RHT sees growth drivers in India

Healthcare sector there is nascent, but is growing under the state's support of private, even foreign, participation.

Published Sun, Mar 20, 2016 · 09:50 PM

THREE factors are going to drive healthcare demand in India: an enormous supply-demand gap of speciality hospitals, rising occurrences of lifestyle diseases, and the emergence of medical tourism.

And this is good news for Religare Health Trust (RHT), which owns 12 hospitals and operates two more across 13 states in India, CEO Gurpreet Singh Dhillon told The Business Times in a recent interview.

Currently, its facilities provide quaternary and tertiary healthcare - that is, more advanced levels of medicine that are highly specialised and not widely accessible.

For this reason, they tend to be in Tier 1 cities such as Kolkata, Bengaluru, Chennai, Mumbai and New Delhi - where most of its patients, who fall within the top 40 per cent bracket in a national population of 1.2 billion, tend to reside.

Mr Dhillon sees a wide supply-demand gap in speciality hospitals, and a great opportunity for the private sector - even foreign companies like itself - to fill that gap.

In India, healthcare is severely under-funded by the government, which spends about 4 per cent of its gross domestic product (GDP) on the sector, a far cry from the global average of 10 per cent, according to World Bank data.

In fact, the private sector accounts for almost three-quarters of India's total healthcare expenditure, and owns three-quarters of the country's hospitals.

Healthcare is one of the few sectors where 100 per cent foreign direct investment is allowed under the automatic route, without needing prior approval from the regulators in India.

This is significant given how protectionist India has been considered in its trade policies due to its restrictions on foreign ownership in sectors like telecommunications and insurance.

Things may be improving. In its latest budget, the Indian government announced that it would provide health insurance of up to 100,000 Indian rupees (S$2,047) per family. Some 3,000 generic pharmacies will also open across the country to tackle the shortage of drugs in rural areas.

The government is also encouraging public-private partnerships in the healthcare sector, acutely aware that it may be doing its maximum already while sticking to a fiscally responsible budget and deficit targets.

The private healthcare sector, therefore, has taken the lead.

Meanwhile, rising affluence and a burgeoning middle class have led to a huge rise in what are termed "lifestyle diseases" - cancer, diabetes, heart and liver diseases - ailments that result from lifestyle choices.

"As a country develops from a rural-based economy towards a more sedentary lifestyle, every time there is a big jump in middle class, there is always a big jump in lifestyle diseases," Mr Dhillon pointed out. "This is a shift from communicable diseases like malaria and dengue, which used to be predominantly what most hospitals in India were focused on for the past 10-20 years."

This creates a need for more speciality hospitals, wholly focused on either oncology, or cardiology, or several of these specialisations housed under the same roof.

Besides Fortis Healthcare and Apollo Hospitals Group, which began operations in 2001 and 1983 respectively, healthcare in India is still a very nascent industry with a lot of room to grow.

Fortis is the sponsor for the trust and currently the only operator of the trust's hospitals, although RHT is on the lookout for more operators to reduce its single operator risk.

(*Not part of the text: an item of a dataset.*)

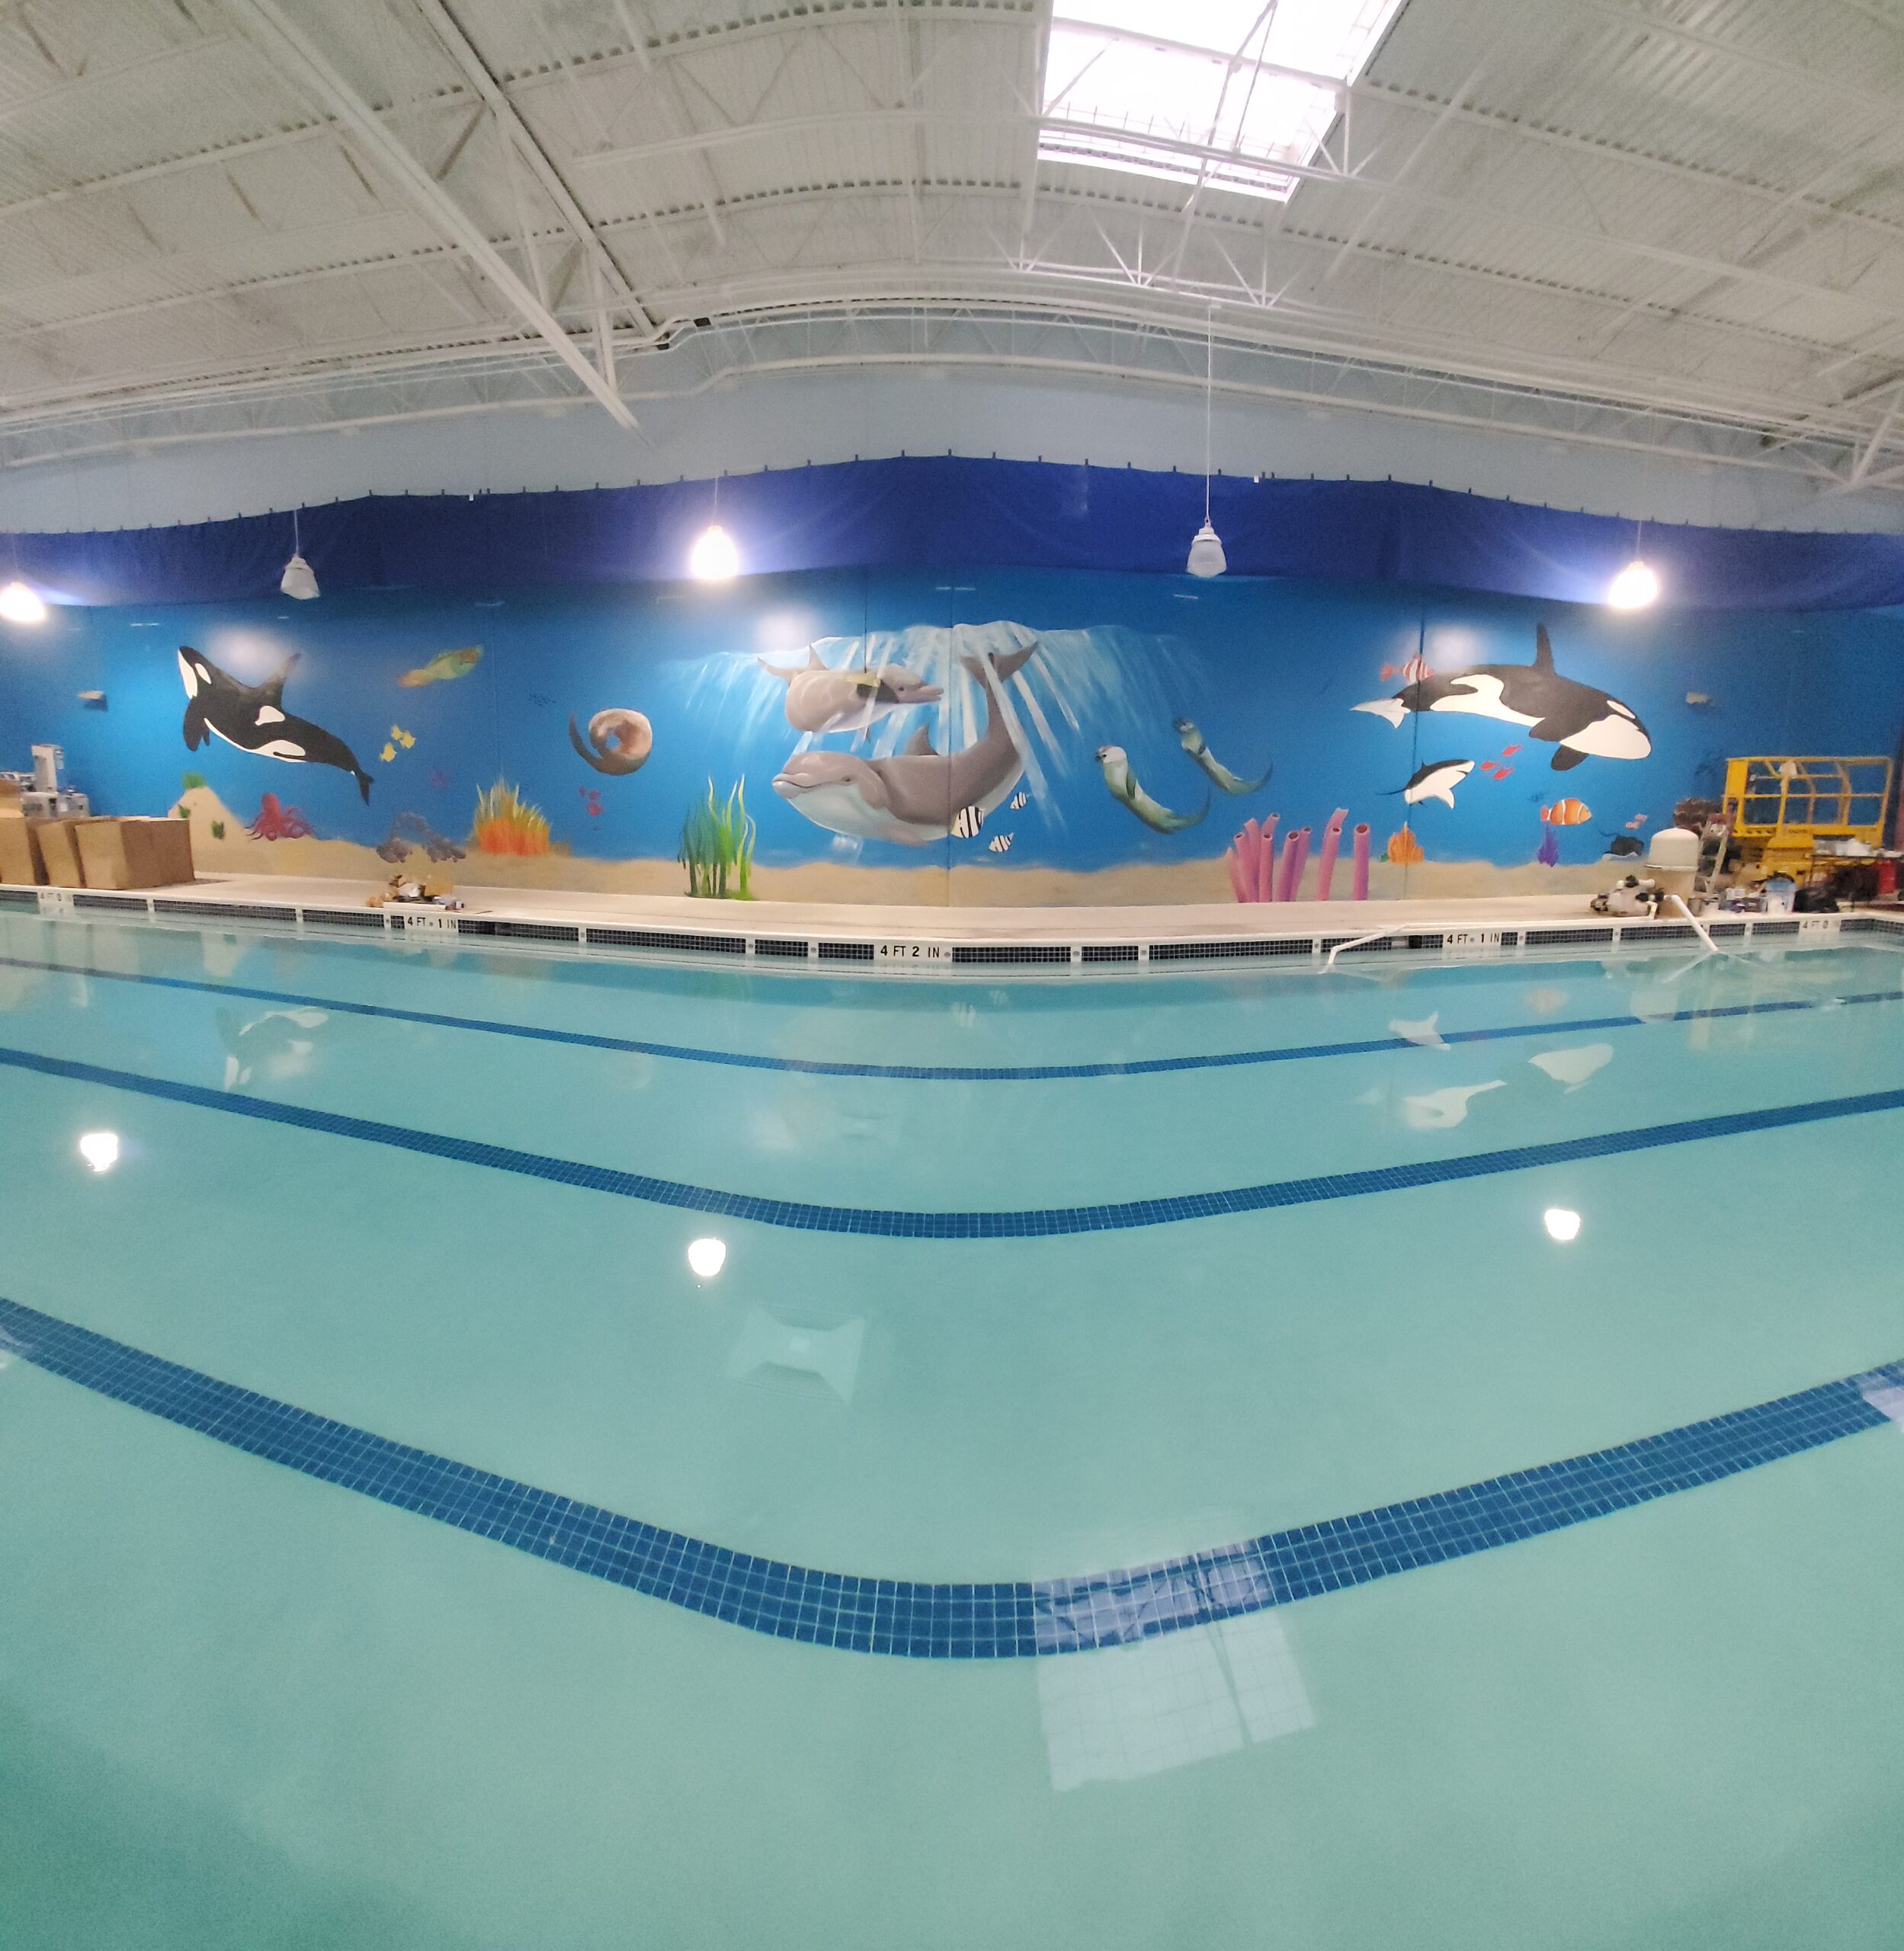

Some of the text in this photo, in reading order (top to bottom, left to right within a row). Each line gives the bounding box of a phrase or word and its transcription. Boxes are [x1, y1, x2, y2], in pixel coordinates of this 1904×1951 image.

[407, 916, 457, 929] 4 FT 1 IN
[1447, 932, 1500, 944] 4 FT 1 IN
[880, 945, 940, 958] 4 FT 2 IN

Fortis also fully owns the trust manager.

RHT is also working with Fortis to introduce oncology as a speciality to its major hospitals at BG Road, Bangalore, and in Shalimar Bagh, Delhi.

At its Mohali hospital which RHT acquired in May 2014, a new oncology wing was also recently completed.

The third growth driver is the slow but sure emergence of medical tourism in India. While medical tourism in the country has not been as prominent as in Singapore and Thailand, major Indian hospitals have been seeing their revenue growing steadily from this slice of the pie.

Three years ago, big hospital chains used to get 5-6 per cent of their turnover from medical tourists; nowadays it's about 8-9 per cent.

According to India Brand Equity Foundation, Indian medical tourism is expected to grow from around US$3 billion to US$8 billion from 2015 to 2020 at a compound annual growth rate of 20 per cent.

India is gradually building up an ecosystem of not just more hospitals, but also a broader support system from airports to an insurance system for foreign tourists.

Meanwhile, even though its number of doctors and nurses as a ratio to population falls far short of the world median, a "reverse brain drain" is occurring, Mr Dhillon said.

"For the first time, very interestingly, you are seeing doctors head back to India from the US or UK, which is a reverse brain drain never seen before in the last 10 years, a sign that maybe they see optimism in this sector."

As for the trust, it plans to add about 550 beds in the next two to three years. It currently operates about 2,600 beds. The total capacity its portfolio can reach is about 5,500 beds.

For now, brownfield expansion has proven to be a more yield-accretive option over acquisitions, despite the trust's advantage of low gearing. This is because of the dearth of Grade A healthcare assets in India, Mr Dhillon added.

The trust is also doing some greenfield development, such as a mother-and-child facility it is erecting in Ludhiana, North India.